At ISO 1600, the D300 and 5D both offer excellent performance: D300 IS1600 & 5D ISO 1600

At ISO 3200, the D300 loses some detail, but I prefer Nikon's NR to Canon, which removes all chroma noise to give the picture a film-like grain. D300 ISO3200 & 5D ISO3200

And if you're not pixel-peeping, both will give you clean 12MP images with great high ISO performance.

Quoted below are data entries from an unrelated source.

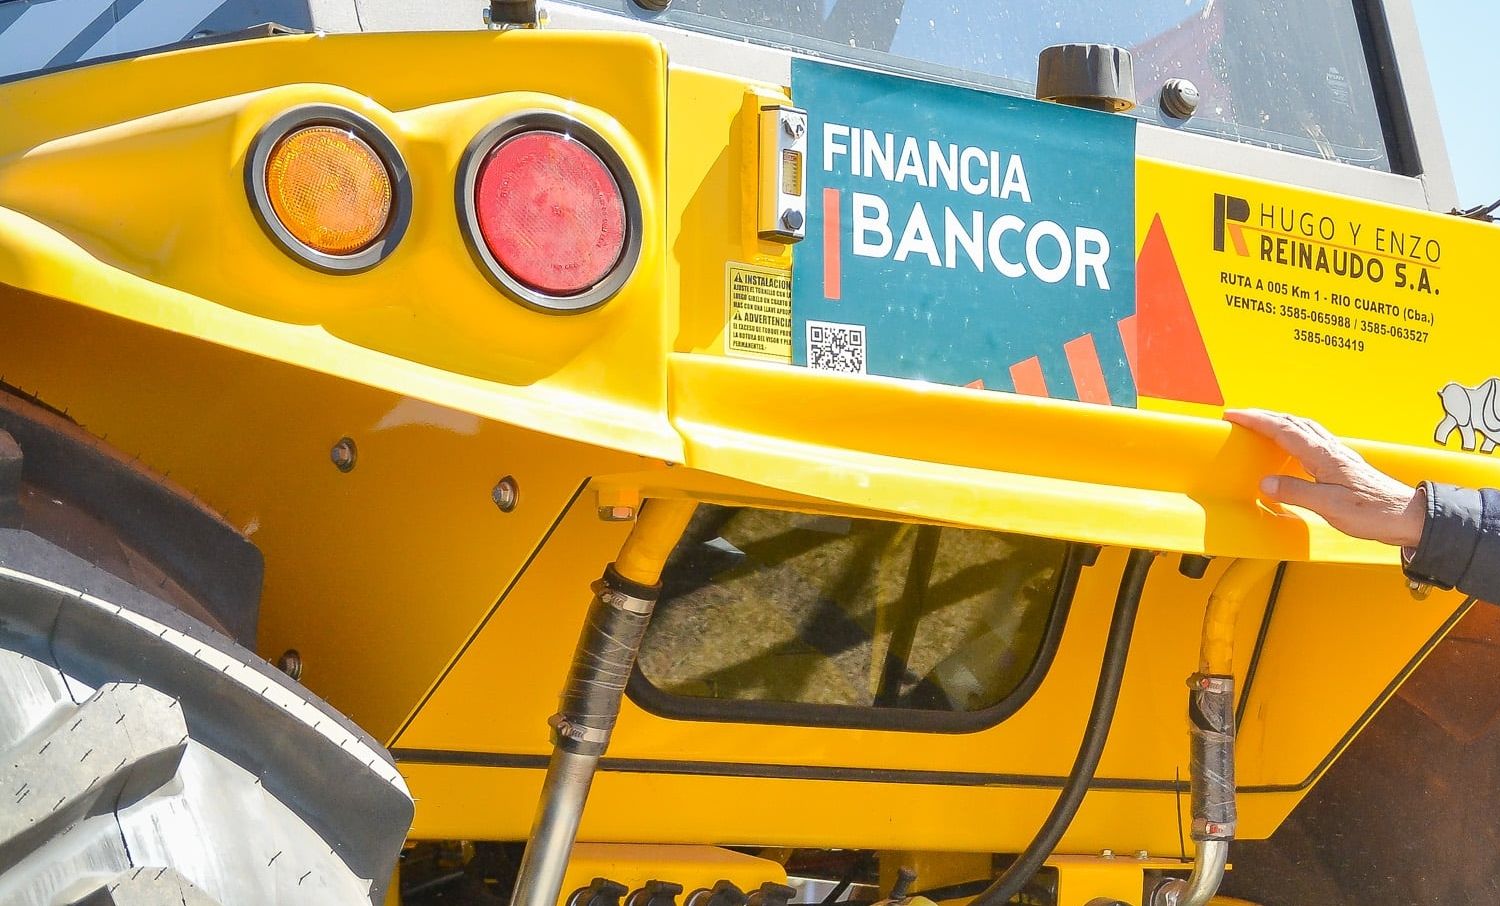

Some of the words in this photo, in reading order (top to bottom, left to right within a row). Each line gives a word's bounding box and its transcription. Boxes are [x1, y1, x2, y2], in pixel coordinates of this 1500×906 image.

[823, 121, 1032, 204] FINANCIA
[852, 191, 1112, 291] BANCOR
[1260, 202, 1335, 241] HUGO
[1349, 221, 1361, 247] Y
[1375, 227, 1441, 263] ENZO
[1260, 234, 1384, 283] REINAUDO
[1394, 262, 1440, 296] S.A.
[744, 312, 792, 328] ADVERTENCIA
[1220, 271, 1252, 289] RUTA
[1255, 278, 1264, 290] A
[1267, 280, 1288, 295] 005
[1291, 285, 1310, 300] Km
[1314, 289, 1319, 301] 1
[1331, 293, 1351, 307] RIO
[1354, 297, 1400, 317] CUARTO
[1403, 307, 1434, 327] (Cba.)
[1225, 293, 1276, 315] VENTAS:
[1279, 304, 1351, 329] 3585-065988
[1360, 319, 1429, 344] 3585-063527
[1293, 328, 1365, 352] 3585-063419

Beyond that, at lower ISOs, and in general performance, a D300 would be noticeably better than a 5D. The D300 has better AF, a LCD that is light-years better than the 5D (3" 920k pixel vs. 2.5" 230k pixel), Auto ISO (none on the 5D), 3FPS for the 5D vs. 6FPS for the D300, comparatively poor ergonomics on the 5D compared to any Nikon.

If you must stick with Canon, get a 40D. I'm a big fan of full-frame cameras, but if you need to get a full-frame Canon I would wait for their next upgrade (5DMk2?).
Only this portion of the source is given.